*** Opening EXTRACTED RECORDS ***
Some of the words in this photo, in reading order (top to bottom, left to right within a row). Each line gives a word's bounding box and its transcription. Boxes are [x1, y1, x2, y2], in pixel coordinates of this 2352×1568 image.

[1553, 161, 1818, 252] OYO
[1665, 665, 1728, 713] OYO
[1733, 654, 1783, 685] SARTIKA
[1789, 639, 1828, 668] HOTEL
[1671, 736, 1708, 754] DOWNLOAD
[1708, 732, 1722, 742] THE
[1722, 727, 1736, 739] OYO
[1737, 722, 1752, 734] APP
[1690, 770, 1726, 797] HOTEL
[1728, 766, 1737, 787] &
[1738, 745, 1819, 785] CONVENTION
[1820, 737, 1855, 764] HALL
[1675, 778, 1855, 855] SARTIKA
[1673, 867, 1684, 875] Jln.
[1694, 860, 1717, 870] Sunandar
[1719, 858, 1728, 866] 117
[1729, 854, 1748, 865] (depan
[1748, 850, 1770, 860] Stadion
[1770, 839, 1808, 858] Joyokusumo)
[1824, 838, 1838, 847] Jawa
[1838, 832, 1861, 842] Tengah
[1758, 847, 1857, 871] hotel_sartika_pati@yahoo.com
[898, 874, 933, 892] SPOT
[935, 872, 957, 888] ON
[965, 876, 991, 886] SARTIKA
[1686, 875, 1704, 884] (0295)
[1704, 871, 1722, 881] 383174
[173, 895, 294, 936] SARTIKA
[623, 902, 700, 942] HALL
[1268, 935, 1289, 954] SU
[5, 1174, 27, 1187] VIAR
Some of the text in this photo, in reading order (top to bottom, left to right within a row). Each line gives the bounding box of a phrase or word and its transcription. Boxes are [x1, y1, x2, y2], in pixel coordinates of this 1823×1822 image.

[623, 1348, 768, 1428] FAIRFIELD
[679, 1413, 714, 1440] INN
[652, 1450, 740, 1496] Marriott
*** Closing EXTRACTED RECORDS ***
▶ _WHAT THE TASK ASKS_
Type the records out again. Match them exactly.

▶ _REPLY_
Some of the words in this photo, in reading order (top to bottom, left to right within a row). Each line gives a word's bounding box and its transcription. Boxes are [x1, y1, x2, y2], in pixel coordinates of this 2352×1568 image.

[1553, 161, 1818, 252] OYO
[1665, 665, 1728, 713] OYO
[1733, 654, 1783, 685] SARTIKA
[1789, 639, 1828, 668] HOTEL
[1671, 736, 1708, 754] DOWNLOAD
[1708, 732, 1722, 742] THE
[1722, 727, 1736, 739] OYO
[1737, 722, 1752, 734] APP
[1690, 770, 1726, 797] HOTEL
[1728, 766, 1737, 787] &
[1738, 745, 1819, 785] CONVENTION
[1820, 737, 1855, 764] HALL
[1675, 778, 1855, 855] SARTIKA
[1673, 867, 1684, 875] Jln.
[1694, 860, 1717, 870] Sunandar
[1719, 858, 1728, 866] 117
[1729, 854, 1748, 865] (depan
[1748, 850, 1770, 860] Stadion
[1770, 839, 1808, 858] Joyokusumo)
[1824, 838, 1838, 847] Jawa
[1838, 832, 1861, 842] Tengah
[1758, 847, 1857, 871] hotel_sartika_pati@yahoo.com
[898, 874, 933, 892] SPOT
[935, 872, 957, 888] ON
[965, 876, 991, 886] SARTIKA
[1686, 875, 1704, 884] (0295)
[1704, 871, 1722, 881] 383174
[173, 895, 294, 936] SARTIKA
[623, 902, 700, 942] HALL
[1268, 935, 1289, 954] SU
[5, 1174, 27, 1187] VIAR
Some of the text in this photo, in reading order (top to bottom, left to right within a row). Each line gives the bounding box of a phrase or word and its transcription. Boxes are [x1, y1, x2, y2], in pixel coordinates of this 1823×1822 image.

[623, 1348, 768, 1428] FAIRFIELD
[679, 1413, 714, 1440] INN
[652, 1450, 740, 1496] Marriott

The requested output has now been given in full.